11:10 - 12:00 Keynote 3

High-Performance Graph Data Systems: Lessons Learned and Future Directions

Speaker: Bingsheng He (Professor and Vice-Dean (Research) at National University of Singapore)

Abstract: Graph data structures are fundamental to numerous data processing and learning applications. Over the past decades, the size, diversity, and complexity of graph data have grown significantly, presenting a wide array of challenges from processing to learning. This has spurred extensive research in the field, with performance emerging as a critical factor. Throughout this period, we have developed a variety of graph data systems, ranging from parallel graph processing systems on heterogeneous hardware like GPU, FPGA and new architectures to applications in cryptocurrency and e-commerce. In this talk, I will share our journey in building high-performance graph data systems, summarize the lessons we have learned, and outline future directions for this field. More details about our research can be found at http://www.comp.nus.edu.sg/~hebs/.
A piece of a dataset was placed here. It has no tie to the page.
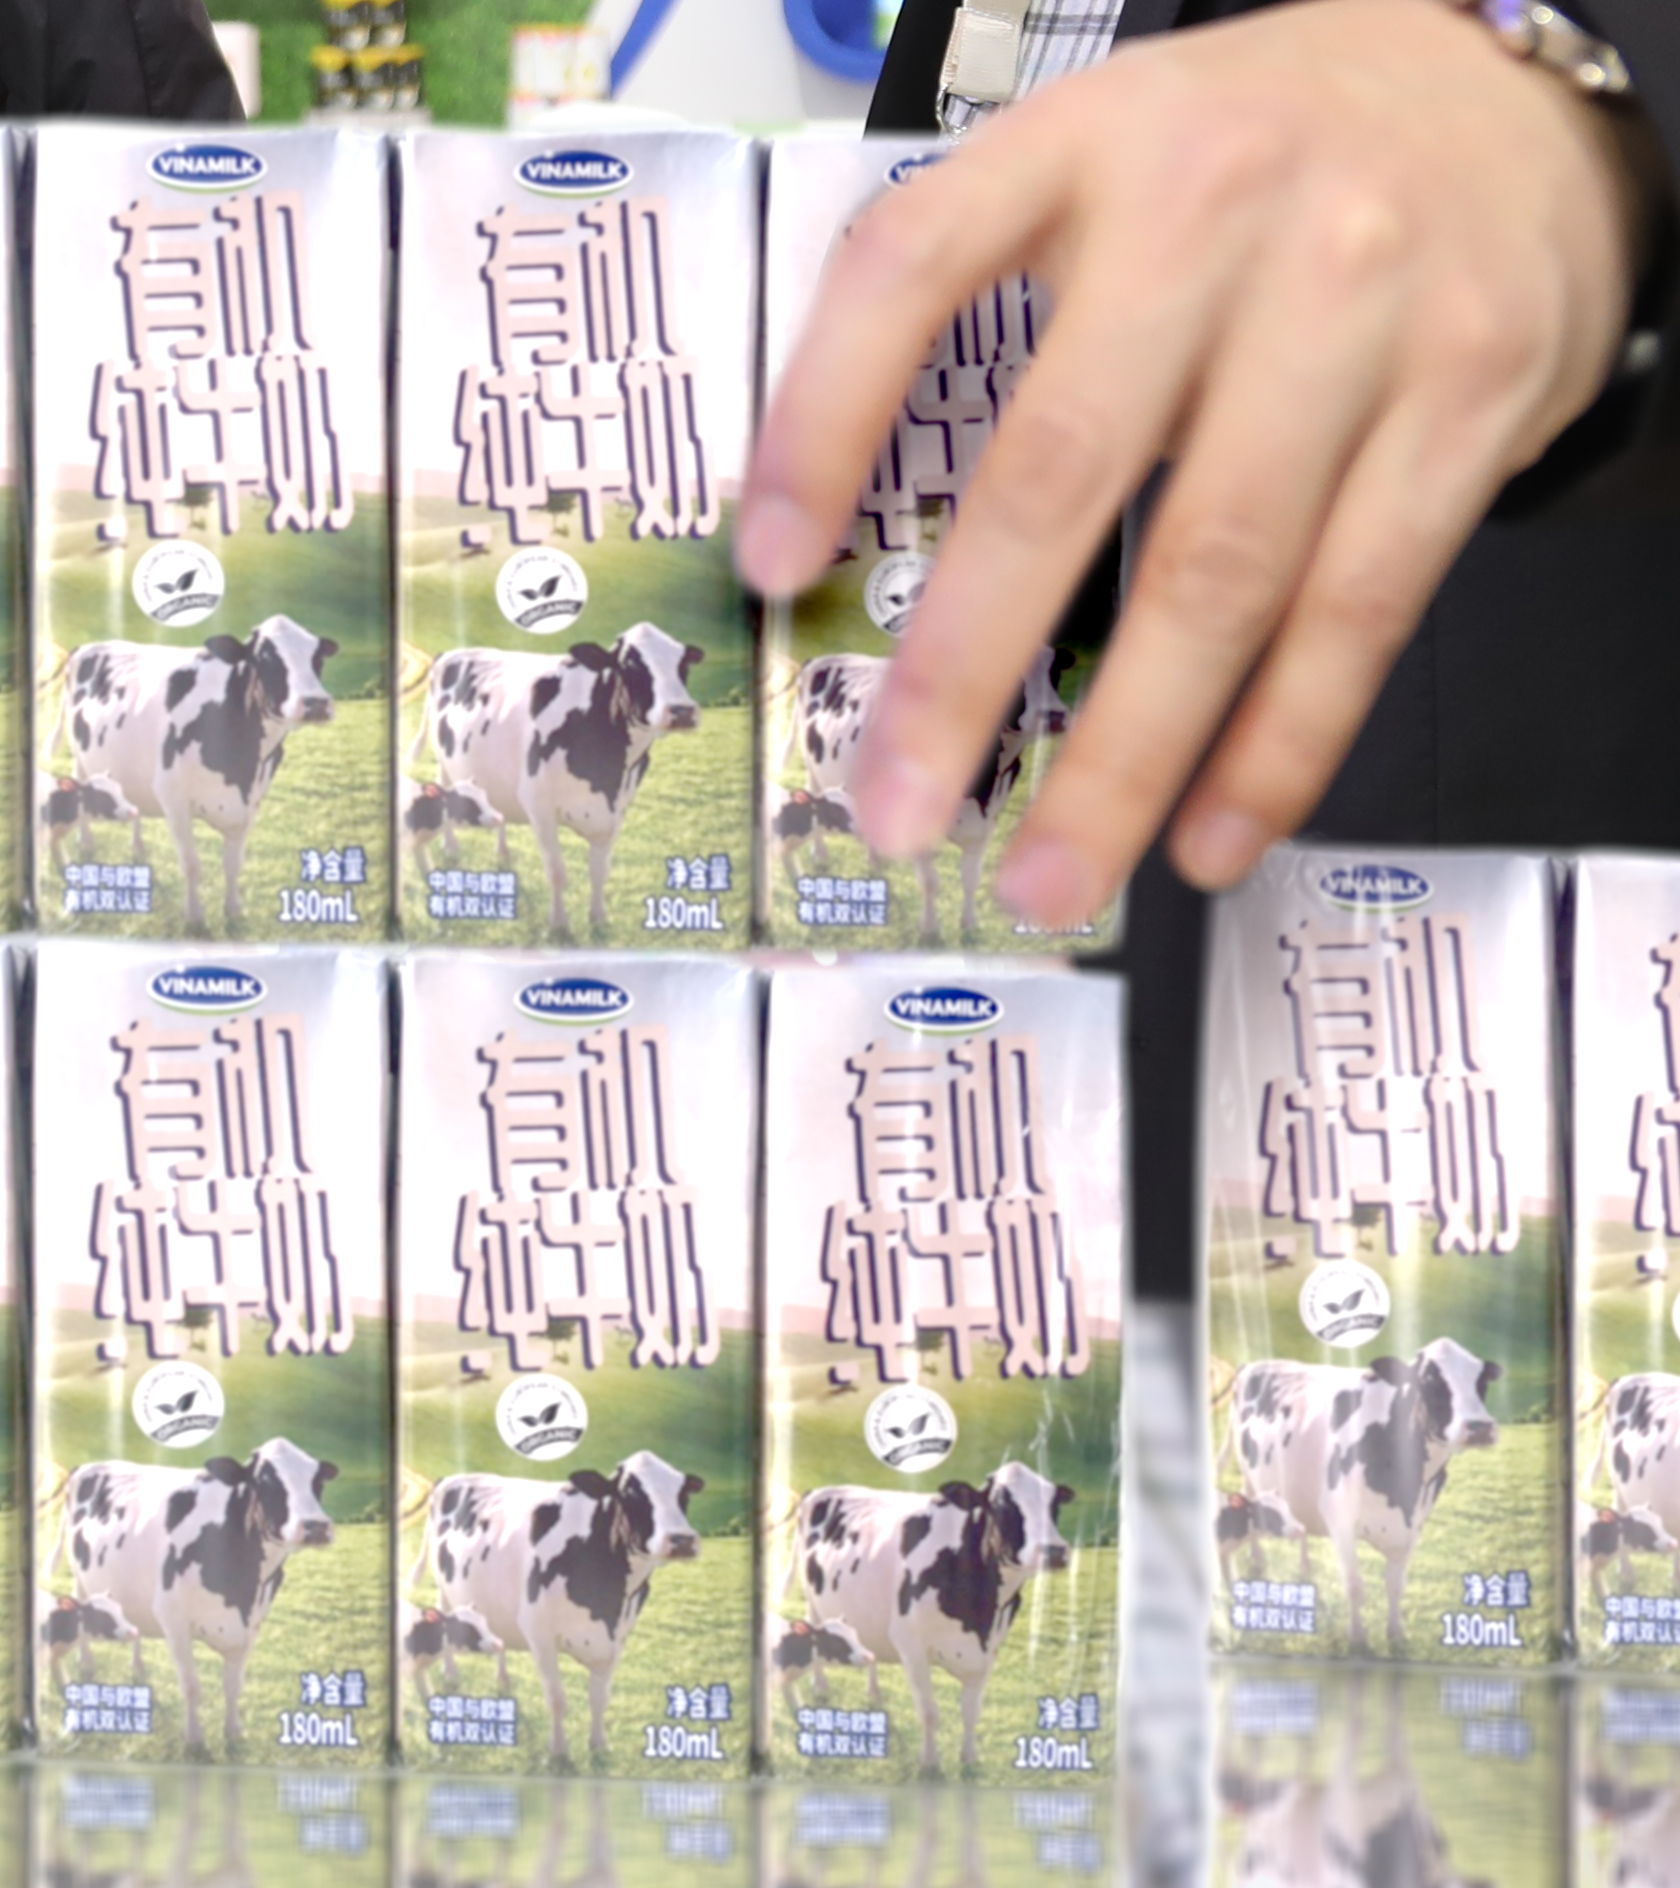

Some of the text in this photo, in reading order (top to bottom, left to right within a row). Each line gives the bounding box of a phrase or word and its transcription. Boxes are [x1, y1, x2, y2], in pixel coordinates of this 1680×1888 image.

Bio: Dr. Bingsheng He is currently a Professor and Vice-Dean (Research) at School of Computing, National University of Singapore. Before that, he was a faculty member in Nanyang Technological University, Singapore (2010-2016), and held a research position in the System Research group of Microsoft Research Asia (2008-2010), where his major research was building high performance cloud computing systems for Microsoft. He got the Bachelor degree in Shanghai Jiao Tong University (1999-2003), and the Ph.D. degree in Hong Kong University of Science & Technology (2003-2008). His current research interests include cloud computing, database systems and high performance computing. He has been a winner for industry faculty awards from Microsoft/NVIDIA/Xilinx/Alibaba. His work also won multiple recognitions as “Best papers” collection or awards in top forums such as SIGMOD 2008, VLDB 2013 (demo), IEEE/ACM ICCAD 2017, PACT 2018, IEEE TPDS 2019, FPGA 2021 and VLDB 2023 (industry). Since 2010, he has (co-)chaired a number of international conferences and workshops, including IEEE CloudCom 2014/2015, BigData Congress 2018, ICDCS 2020 and ICDE 2024. He has served in editor board of international journals, including IEEE Transactions on Cloud Computing (IEEE TCC), IEEE Transactions on Parallel and Distributed Systems (IEEE TPDS), IEEE Transactions on Knowledge and Data Engineering (TKDE), Springer Journal of Distributed and Parallel Databases (DAPD) and ACM Computing Surveys (CSUR). He is an ACM Distinguished member (class of 2020).

Sunday
1 Sep

9:00 - 9:50 Keynote 4

Decentralized Computing and AI Infrastructure for Web3

Speaker: Jiannong Cao (Otto Poon Charitable Foundation Professor in Data Science, the Chair Professor of Distributed and Mobile Computing and the director of Internet and Mobile Computing Lab at the Hong Kong Polytechnic University)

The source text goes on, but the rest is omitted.